Marine mammals, many fish species and even some invertebrates communicate using sound to find mates, to search for prey, to avoid predators and hazards, and for navigation.

Many of the human activities that take place in the OSPAR Maritime Area generate sound and contribute to the general background level of noise in the sea. Anthropogenic sound sources are categorised as impulsive or continuous (ambient). Impulsive sound sources include percussive pile driving for inshore and offshore construction (e.g. windfarms) seismic surveys (using airguns) to inspect subsea oil and gas deposits, explosions, and some sonar sources. Continuous sound sources are mainly from shipping and fisheries. Sound is referred to as ‘noise’ only when it has the potential to cause negative impacts on marine life.

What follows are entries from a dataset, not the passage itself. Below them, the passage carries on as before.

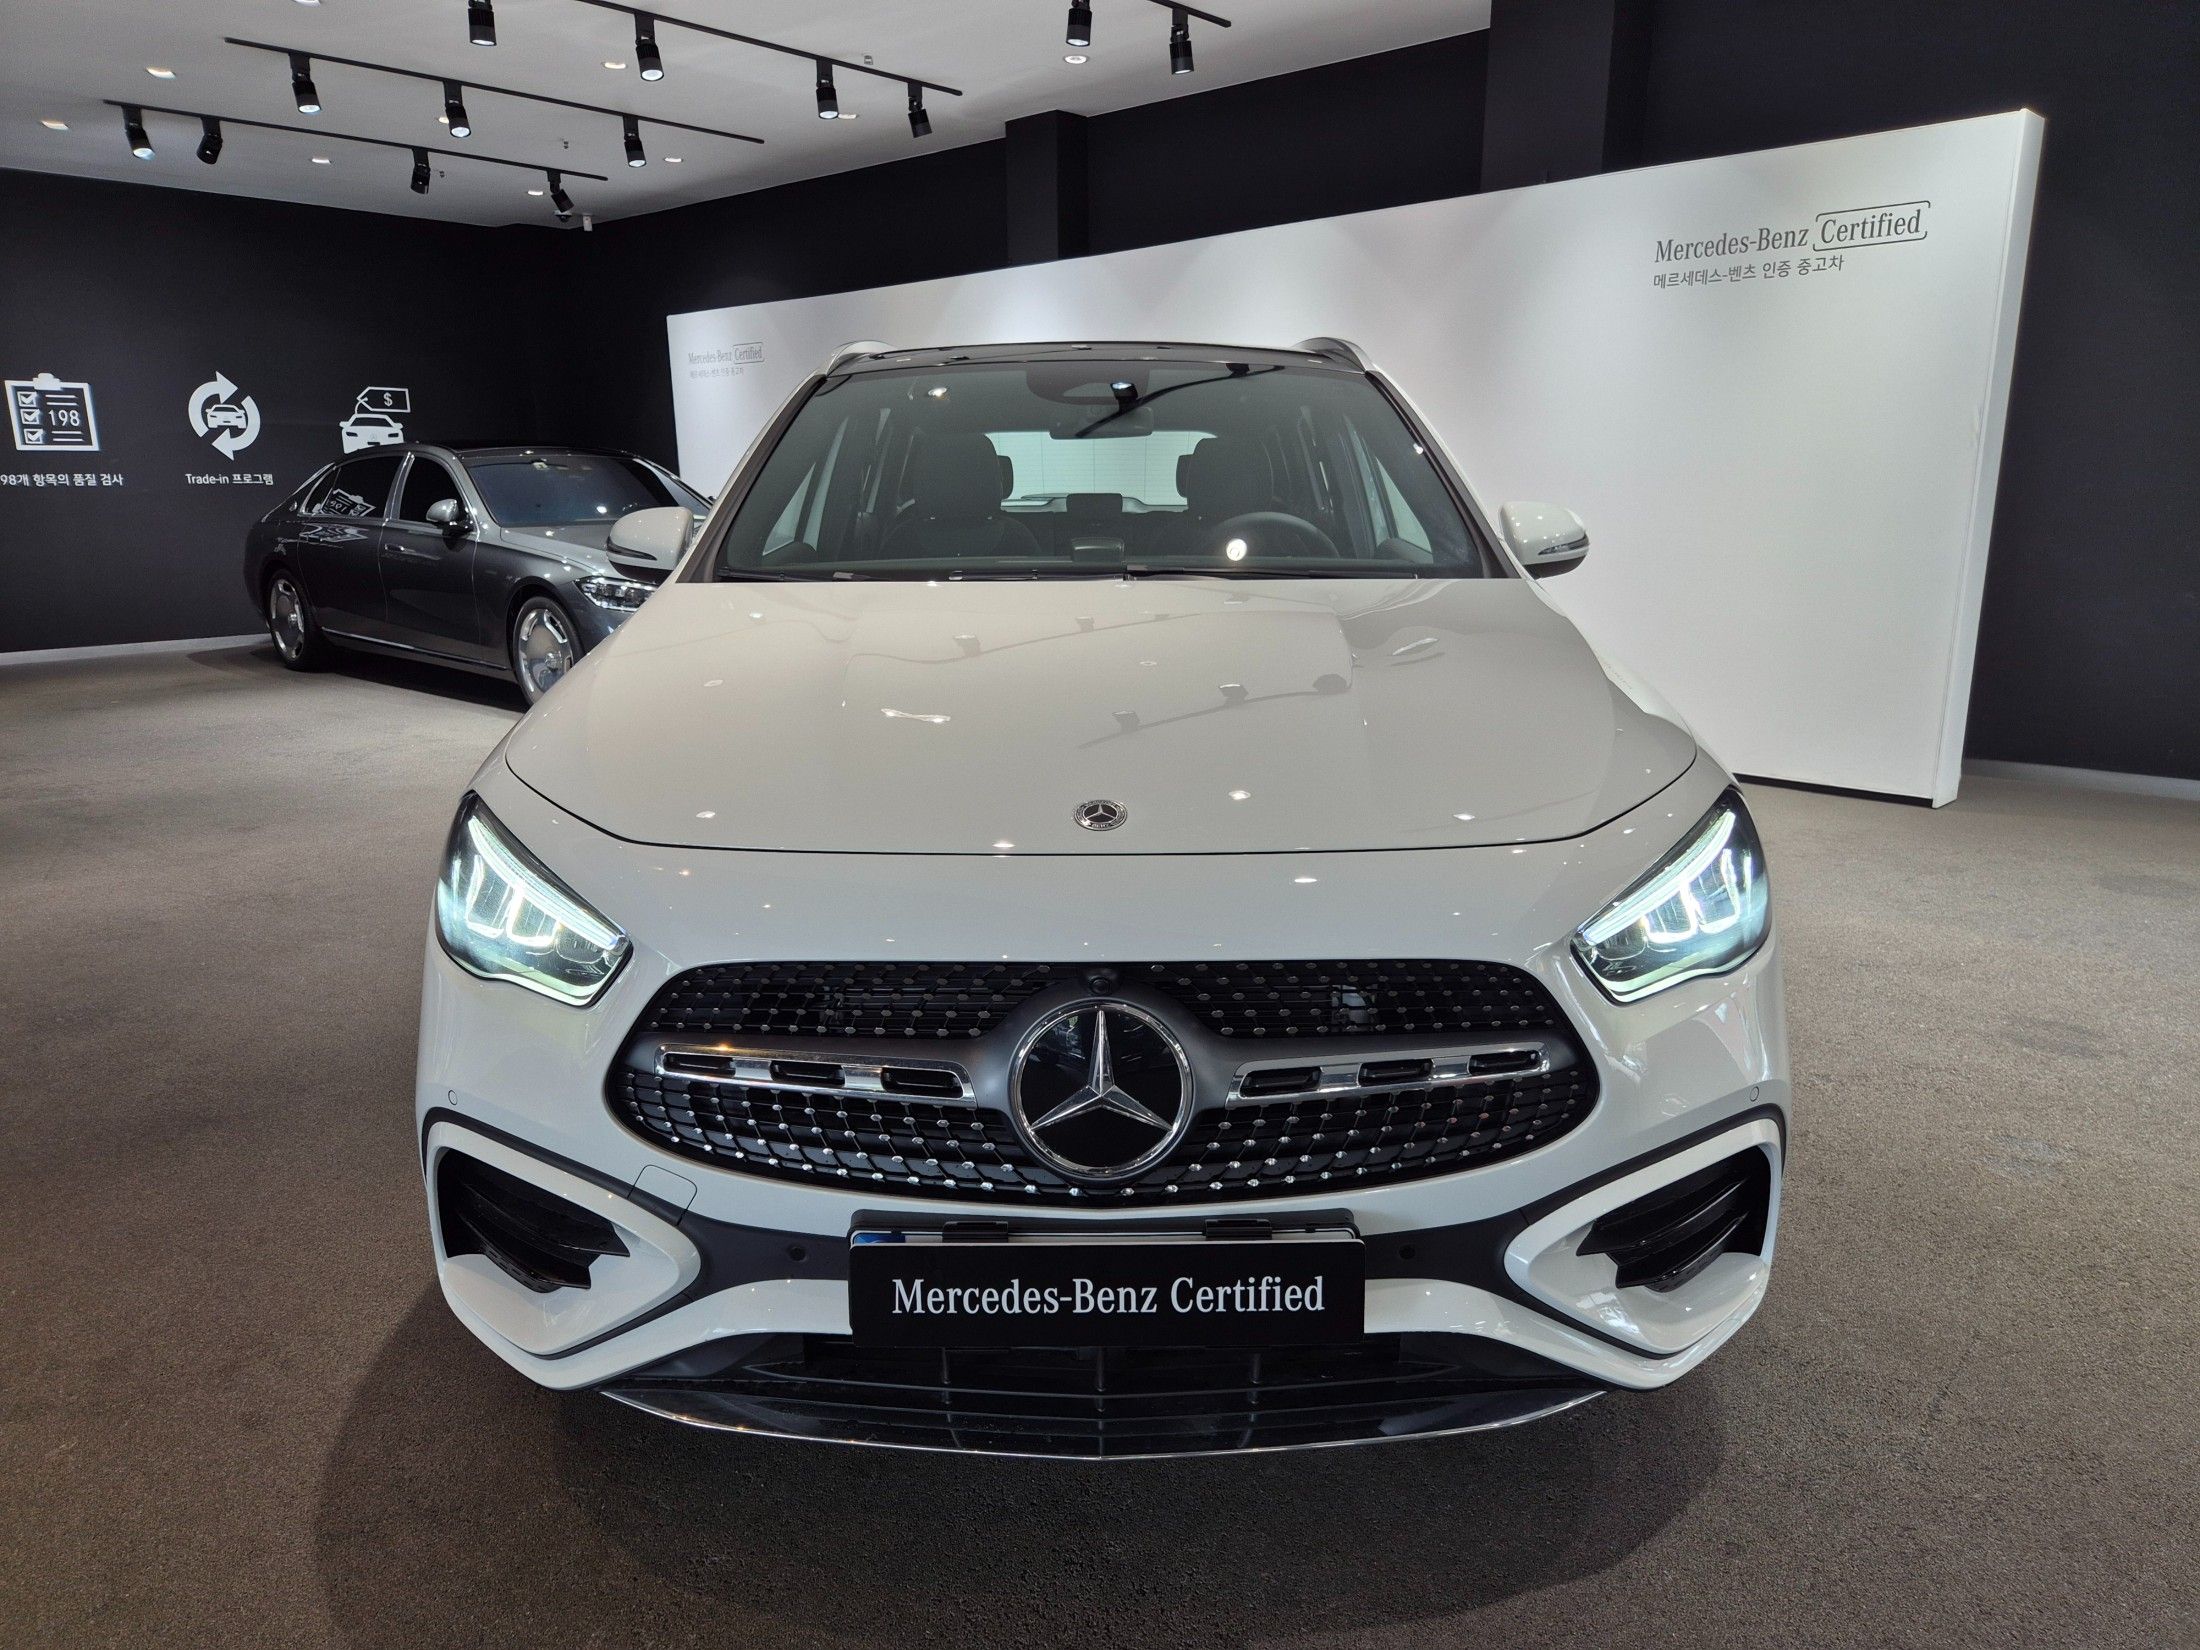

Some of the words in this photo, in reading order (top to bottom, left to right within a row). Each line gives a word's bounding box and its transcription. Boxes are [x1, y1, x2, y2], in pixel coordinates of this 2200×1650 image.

[1654, 227, 1809, 263] Mercedes-Benz
[1820, 209, 1921, 244] Certified
[1653, 263, 1756, 289] 메르세데스-벤츠
[1762, 260, 1792, 279] 인증
[1797, 254, 1845, 273] 중고차
[48, 409, 81, 427] 198
[32, 473, 70, 487] 항목의
[73, 473, 97, 487] 품질
[100, 473, 124, 486] 검사
[185, 473, 230, 485] Trade-in
[232, 473, 274, 486] 프로그램
[891, 1277, 1158, 1315] Mercedes-Benz
[1170, 1275, 1325, 1313] Certified
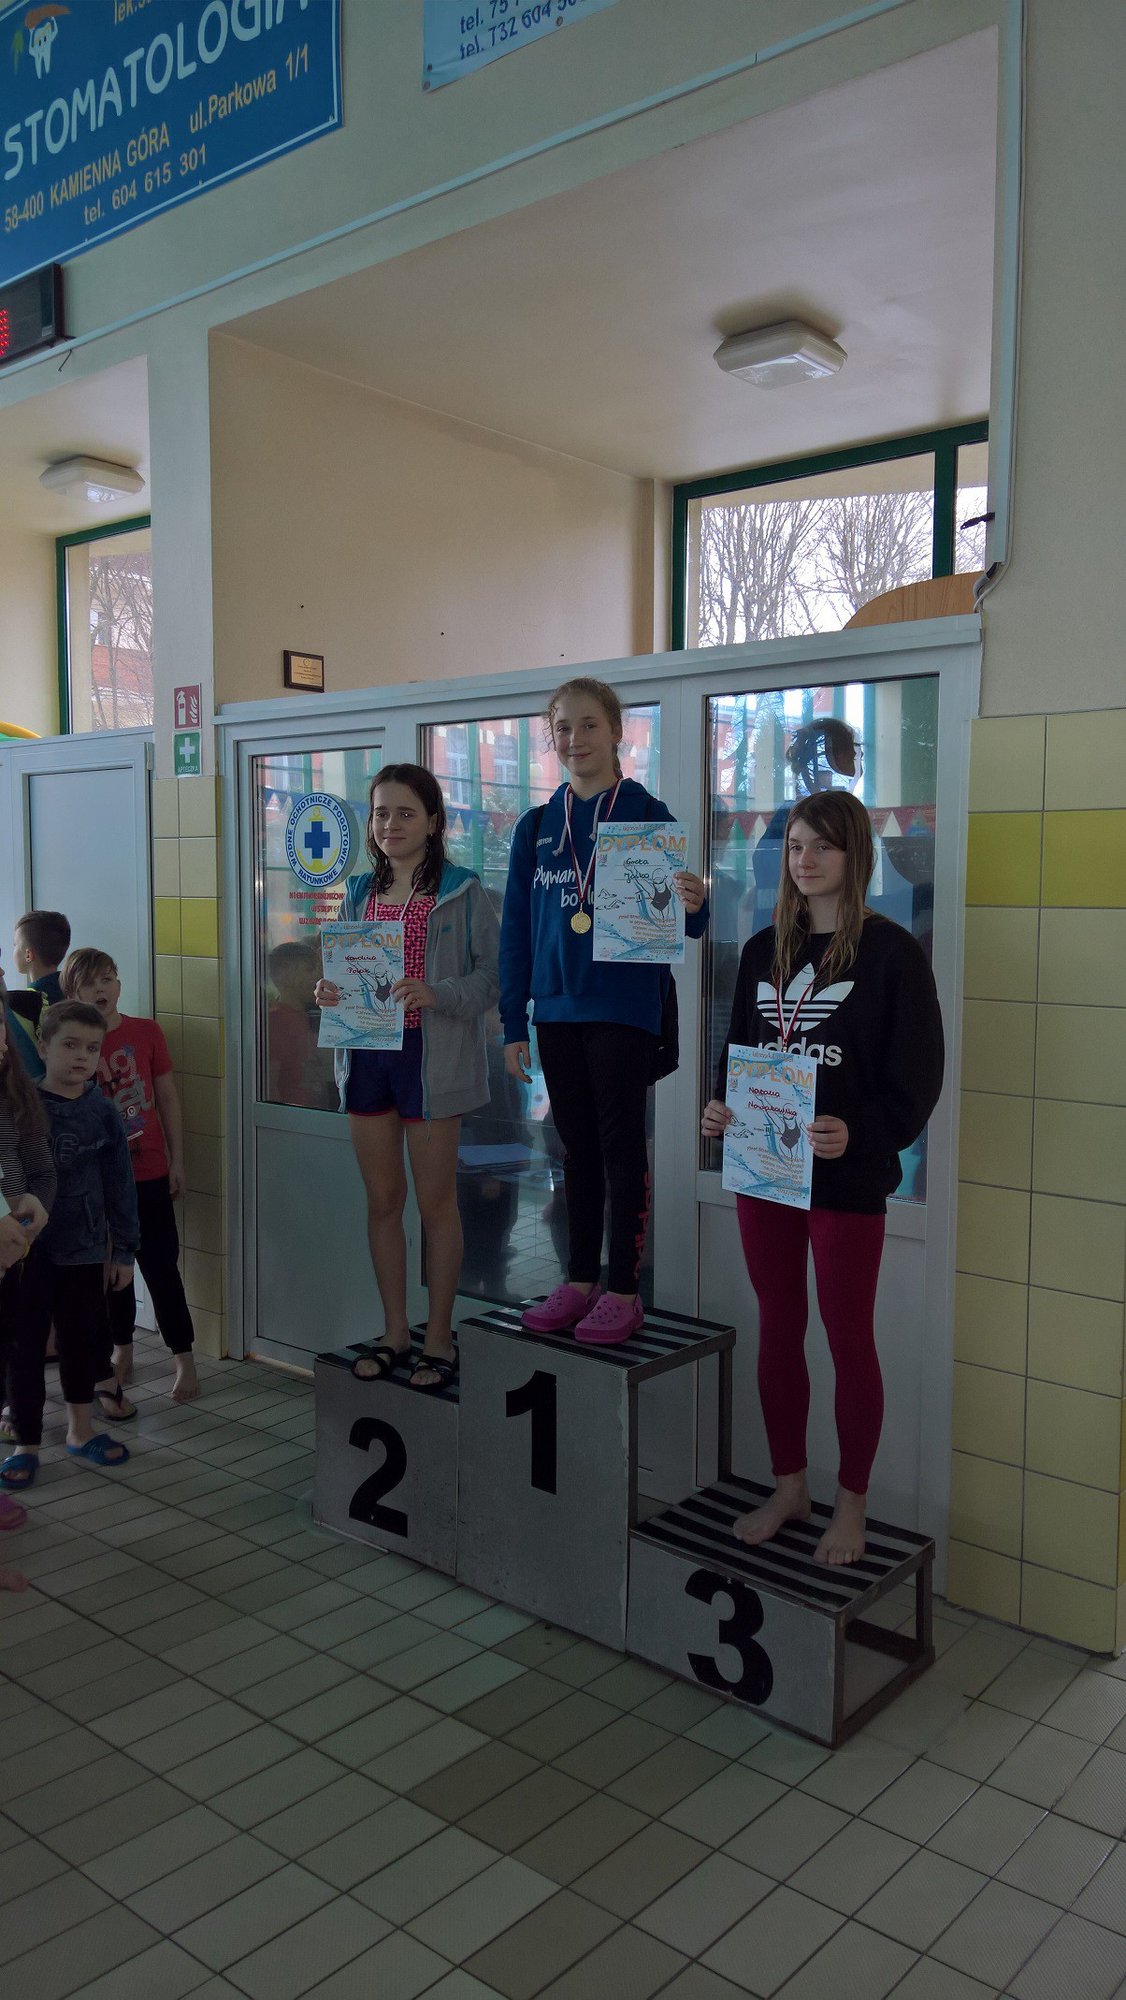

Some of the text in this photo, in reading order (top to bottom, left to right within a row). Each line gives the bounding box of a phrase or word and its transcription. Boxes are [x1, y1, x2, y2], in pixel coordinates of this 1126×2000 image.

Underwater sound from anthropogenic sources has the potential to mask biological signals and to cause behavioural reactions, physiological effects, injuries and mortality in marine animals.

Levels and frequencies of anthropogenic and naturally occurring sound sources in the marine environment. Specturum Noise Level ("Acoustic intensity per Hertz") versus Frequency (measured in Hertz or "cycles per second").

Impacts depend on both the nature of the sound and the acoustic sensitivity of the organism. There are difficulties in quantifying the extent and scale of the impacts, as there is great variability in the characteristics of the sounds, the sensitivities of different species and the scale of noise-generating activities. Ambient or background noise is not range-dependent and remains constant irrespective of location. The perception of localised noise sources reduces with increasing distance from each source, eventually becoming indistinguishable from ambient noise.